(WHAT THE TASK ASKS)
Any pictures in the records below should be skipped; write out everything else exactly.

(DATA RECORDS)

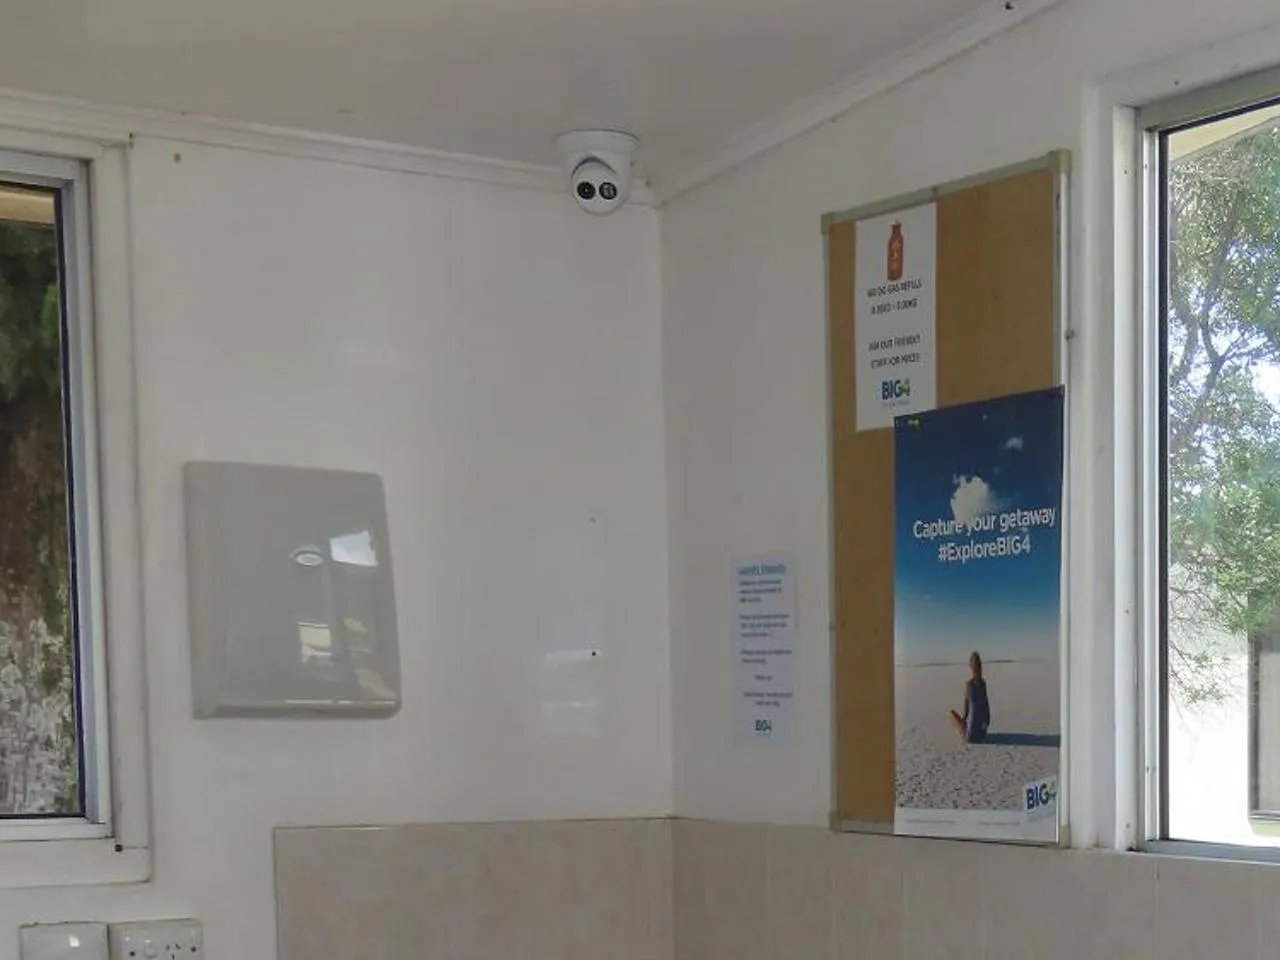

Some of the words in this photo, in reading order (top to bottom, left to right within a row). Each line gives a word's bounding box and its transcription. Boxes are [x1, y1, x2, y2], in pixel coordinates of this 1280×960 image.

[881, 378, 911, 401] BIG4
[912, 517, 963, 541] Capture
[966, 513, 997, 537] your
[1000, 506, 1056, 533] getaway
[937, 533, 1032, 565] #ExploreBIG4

(TASK RESULT)
Some of the words in this photo, in reading order (top to bottom, left to right within a row). Each line gives a word's bounding box and its transcription. Boxes are [x1, y1, x2, y2], in pixel coordinates of this 1280×960 image.

[881, 378, 911, 401] BIG4
[912, 517, 963, 541] Capture
[966, 513, 997, 537] your
[1000, 506, 1056, 533] getaway
[937, 533, 1032, 565] #ExploreBIG4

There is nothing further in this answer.